Top of Data for analysis
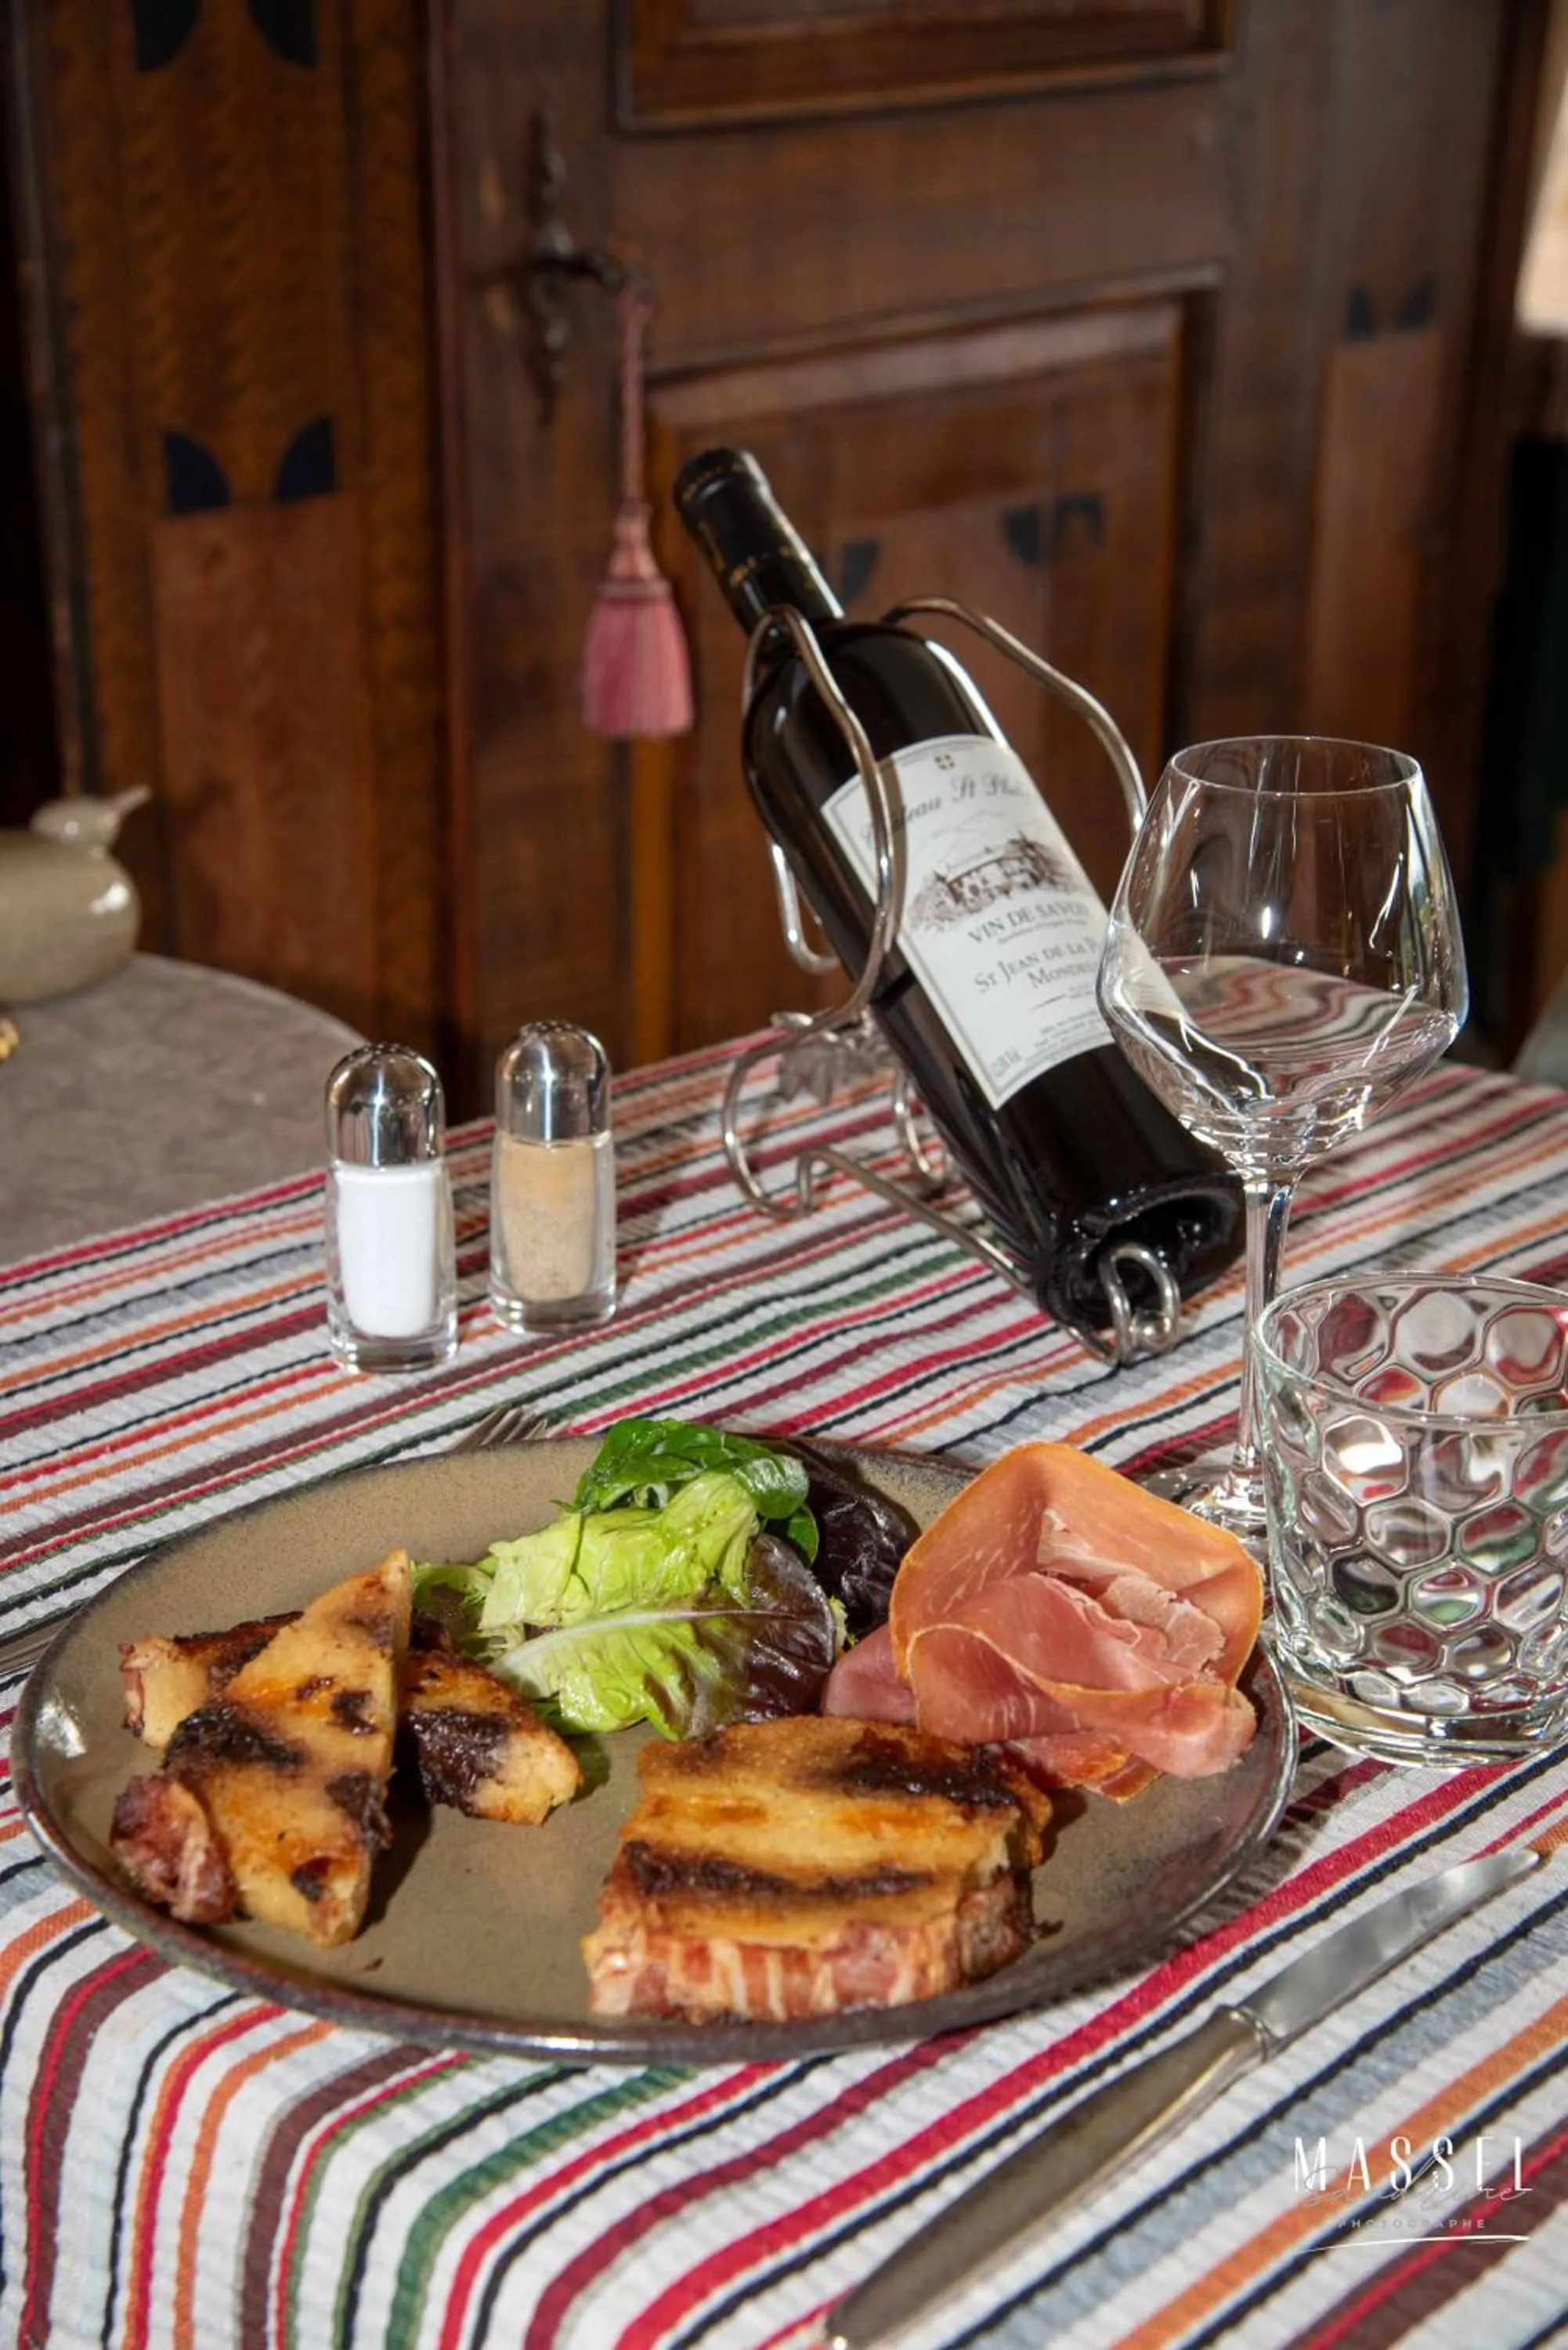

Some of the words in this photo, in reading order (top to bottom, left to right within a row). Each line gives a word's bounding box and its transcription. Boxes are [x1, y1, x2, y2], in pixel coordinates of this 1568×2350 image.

[968, 917, 1006, 943] VIN
[1007, 907, 1035, 927] DE
[1035, 901, 1090, 918] SAVOI
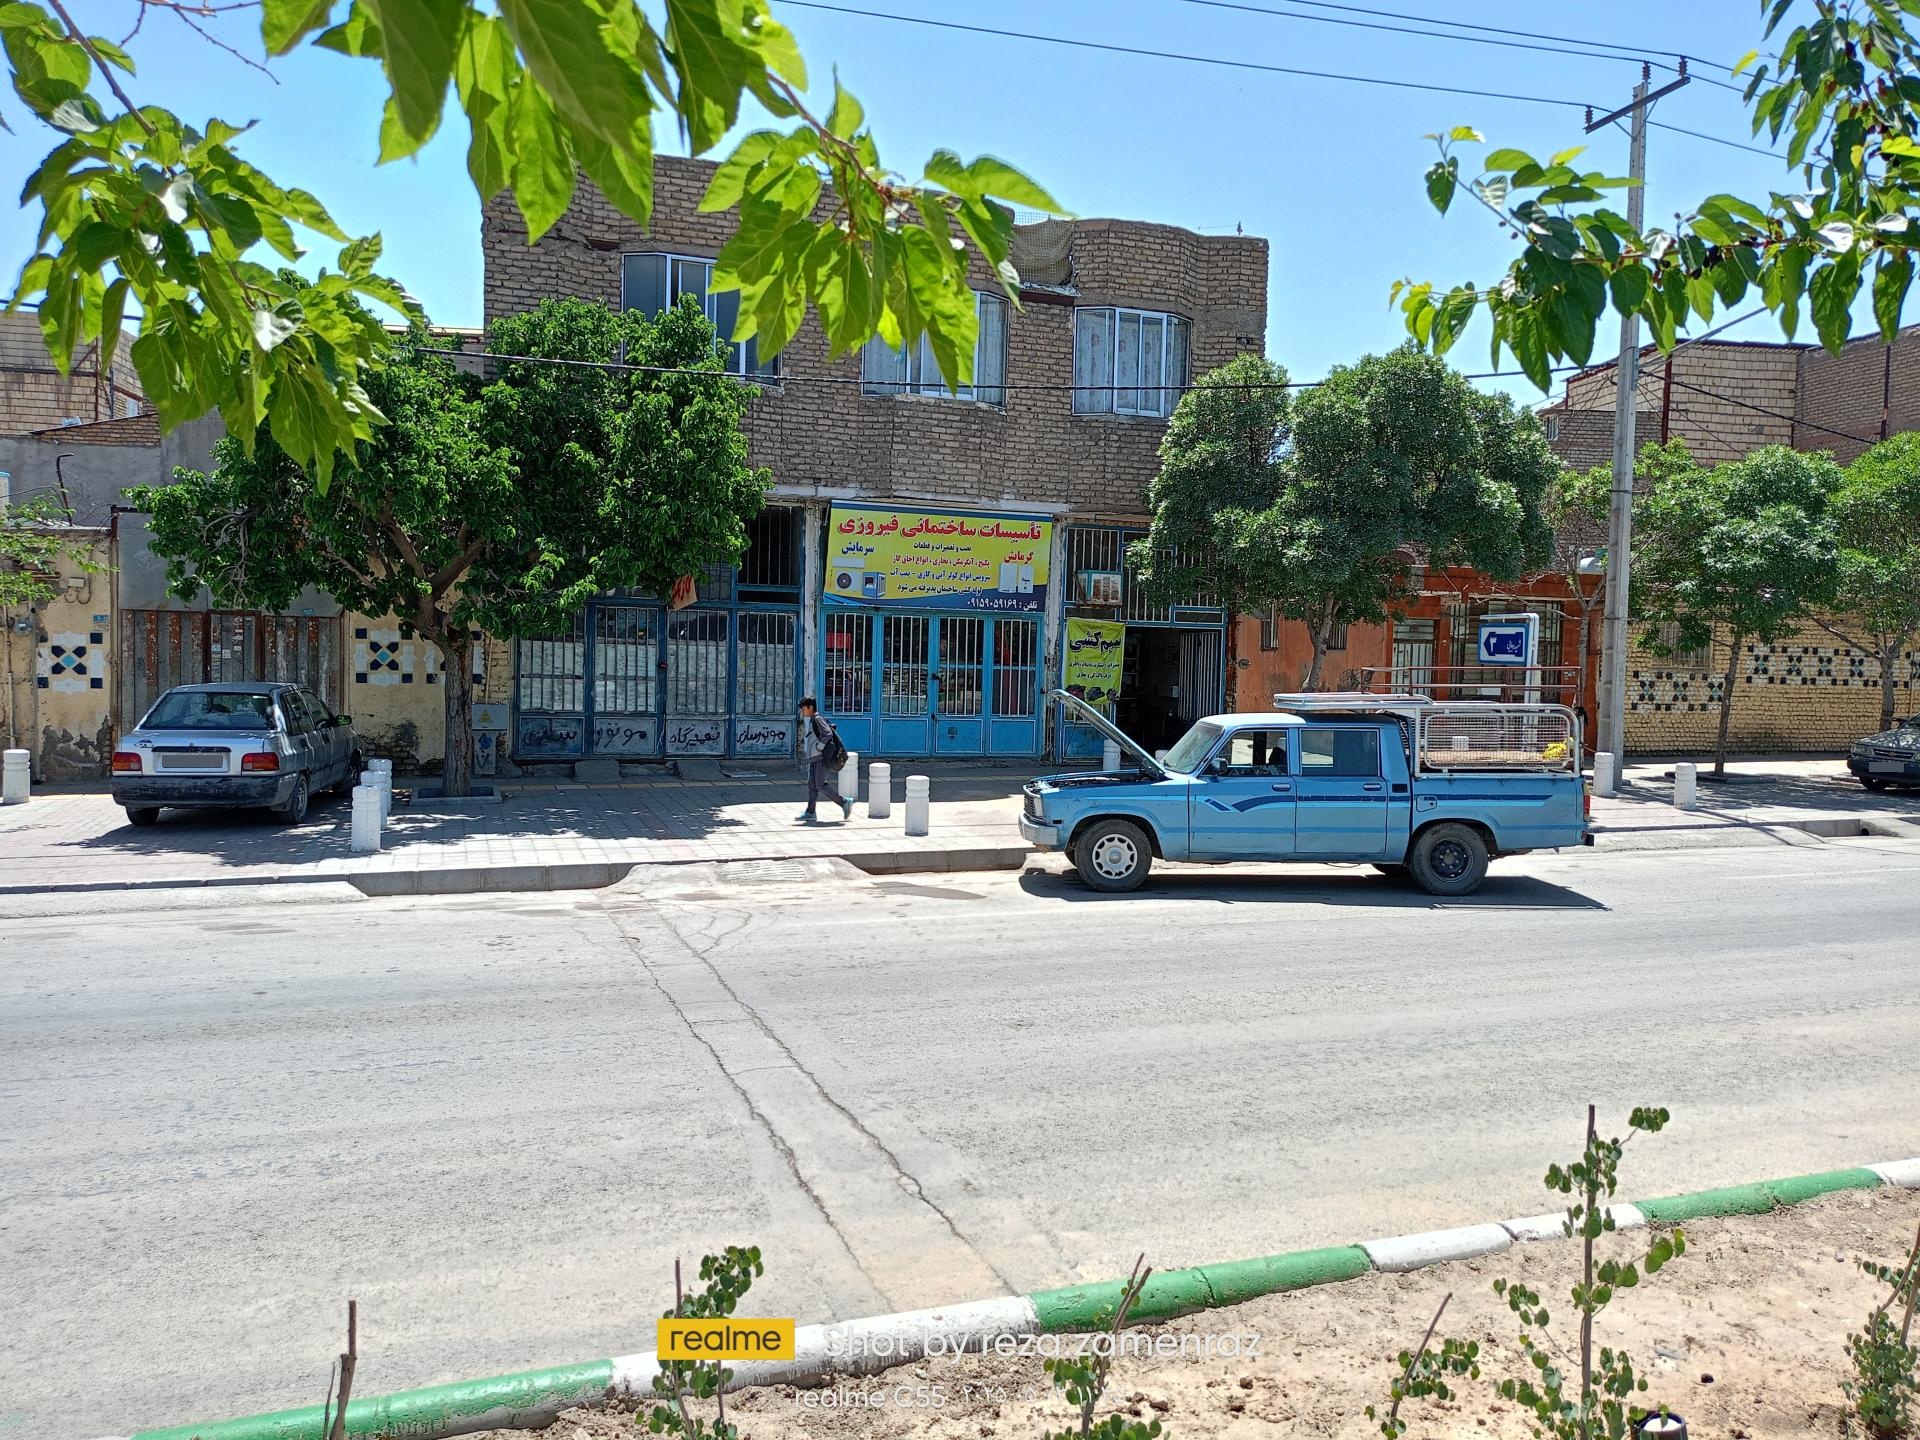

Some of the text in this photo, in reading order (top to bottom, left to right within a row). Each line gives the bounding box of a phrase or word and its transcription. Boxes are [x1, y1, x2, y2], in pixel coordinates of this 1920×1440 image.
Bottom of Data for analysis
## Your task
If a record holds a picture, skip the picture and write out everything else exactly.

## Written answer
Some of the words in this photo, in reading order (top to bottom, left to right within a row). Each line gives a word's bounding box and its transcription. Boxes are [x1, y1, x2, y2], in pixel coordinates of this 1568×2350 image.

[968, 917, 1006, 943] VIN
[1007, 907, 1035, 927] DE
[1035, 901, 1090, 918] SAVOI

Some of the text in this photo, in reading order (top to bottom, left to right within a row). Each line gives the bounding box of a phrase or word and its transcription. Boxes are [x1, y1, x2, y2], in pixel coordinates of this 1920×1440 image.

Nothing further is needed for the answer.